Ces trois extraits de reportages d’actualités cinématographiques réalisés lors de déplacements et de prises de paroles du général de Gaulle en 1947 (à Bruneval, le 30 mars ; à Strasbourg, le 6 avril ; à Vincennes, le 5 octobre) illustrent assez bien l’intense activité politique qu’il conserve au cours de cette année-là, signe que l’expression « traversée du désert » est loin d’être justifiée. Les prises de vue des foules venues écouter le grand orateur et le héros de la Libération sont, à ce titre, tout à fait évocatrices. Le premier extrait est issu des archives de l’Ina et reprend un reportage réalisé pour Éclair Journal. Le deuxième extrait vient quand à lui du Pathé Journal, et a été diffusé dans les salles obscures à partir du 16 avril 1947. Le dernier extrait, bien que portant le sigle Gaumont, a en réalité été créé et diffusé pour Éclair.

Contextualisation

Après avoir démissionné du Gouvernement Provisoire de la République Française le 20 janvier 1946, Charles de Gaulle participe au débat entourant la rédaction du projet constitutionnel principalement par la voie de la presse, en dehors de ses prises de paroles en Vendée (le 12 mai) mais surtout à Bayeux (le 16 juin – voir document 1). L’avis de Charles de Gaulle est partagé par 53% des Français qui rejettent le projet constitutionnel voté par l’assemblée constituante le 19 avril 1946 lors du référendum du 5 mai suivant. Pourtant, le 13 octobre 1946, c’est également environ 53,6% des Français (votants) qui approuvent le nouveau texte constitutionnel qui n’est qu’un « replâtrage des dispositions antérieures mises au goût des intérêts du jour ». Ce texte de compromis dans lequel le président de la République récupère des pouvoirs perdus dans le projet précédent, et ou le bicamérisme refait surface par la création d’une chambre haute appelée Conseil de la République, est vivement critiqué dans les discours de Bar-le-Duc du 28 juillet 1946 et d’Épinal du 29 septembre par Charles de Gaulle. Cela marque la défaite du projet institutionnel gaullien, ce qui décide Charles de Gaulle à se retirer quelque peu du jeu politique. Le retour ne tarde cependant pas à se faire puisque la première prise de parole publique du général de Gaulle se fait à Bruneval, le 30 mars 1947 ; six mois après le discours d’Épinal.

Analyse

Les trois extraits montrent l’extrême popularité de l’ancien chef de la France libre. La foule est rassemblée, compacte et fervente à l’écoute des paroles du général de Gaulle.

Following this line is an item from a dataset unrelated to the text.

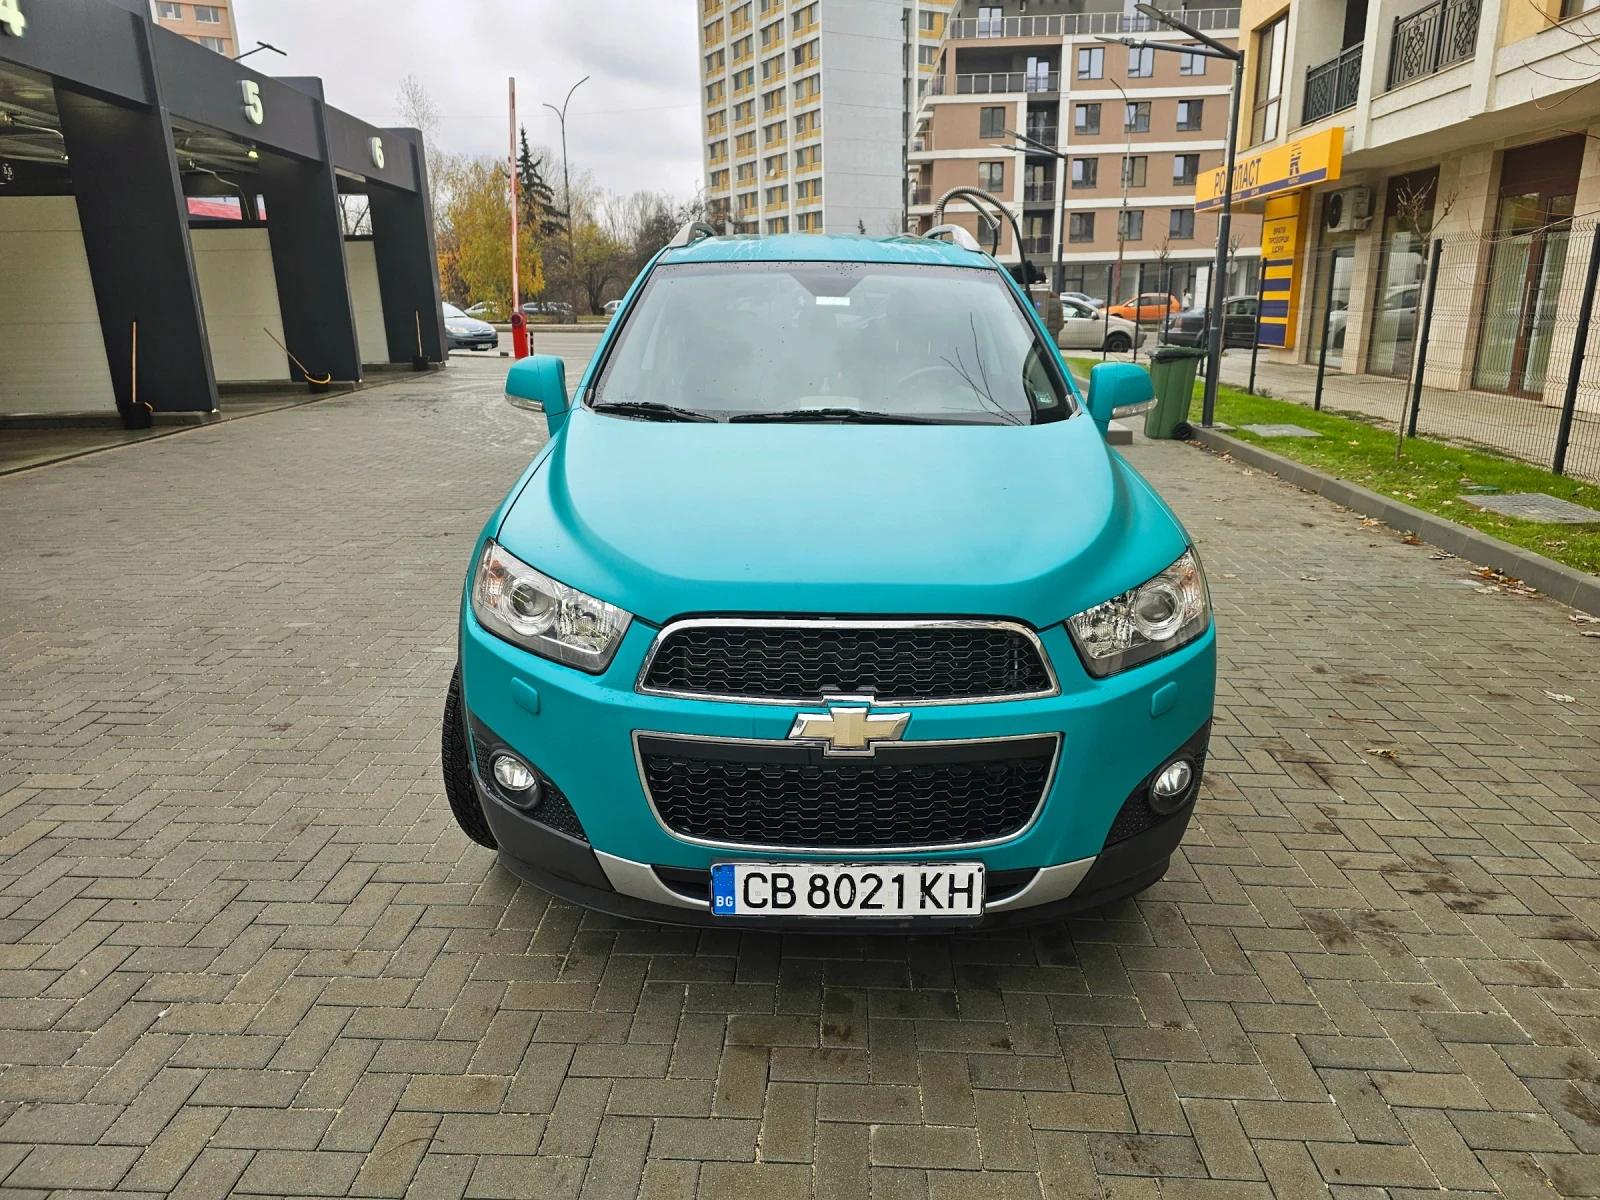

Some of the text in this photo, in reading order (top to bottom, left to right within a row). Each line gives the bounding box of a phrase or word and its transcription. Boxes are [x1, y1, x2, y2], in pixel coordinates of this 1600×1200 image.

À Bruneval, le commentateur estime que sont rassemblées face à cette falaise du pays de Caux « quarante mille personnes venues de partout. » Si le général de Gaulle vient commémorer l’opération Biting des 27 et 28 février 1942 (quand 120 « parachutistes écossais et canadiens avec quelques français » sont largués non loin de là pour un raid éclair dont l’objectif est la prise d’un radar de type Würzburg 110), son discours fini par glisser vers des allusions de politique intérieure. Ainsi, il dit qu’ « en vérité, la Résistance française, c’était la Défense Nationale ! (…) Mais elle fut, et il fallait qu’elle fût, une et indivisible comme la France qu’elle défendait. Une et indivisible, certes ! Ce qui veut dire que toute tentative de piller ce bien national ne saurait être tolérée. Telles ambitions et surenchères partisanes, qui prétendent se l’attribuer en tout ou en partie sont vulgairement sacrilèges. (…) Ah ! mes camarades, il est vrai qu’après tant d’épreuves, les voix de la division, c’est-à-dire de la décadence, ont pu couvrir pour un temps celle de l’intérêt national. Peut-être était-ce inévitable. La marée monte et descend. Peut-être est-il dans la nature des choses qu’à un clair et grand effort succèdent d’obscurs tâtonnements. Mais les temps sont trop difficiles, la vie est trop incertaine, le monde est trop dur, pour que l’on puisse longtemps, sans courir un péril mortel, végéter dans les ténèbres. Notre peuple porte de graves blessures, mais il suffit d’écouter battre son cœur malheureux pour connaître qu’il entend vivre, guérir, grandir. Le jour va venir où, rejetant les jeux stériles et réformant le cadre mal bâti où s’égare la nation et se disqualifie l’État, la masse immense des Français se rassemblera sur la France ». De son côté, le commentateur dit alors qu’ « après des mois de retraite, le premier résistant de France semble vouloir reprendre un rôle actif » et « Bruneval ouvre le rideau sur la rentrée du général de Gaulle. »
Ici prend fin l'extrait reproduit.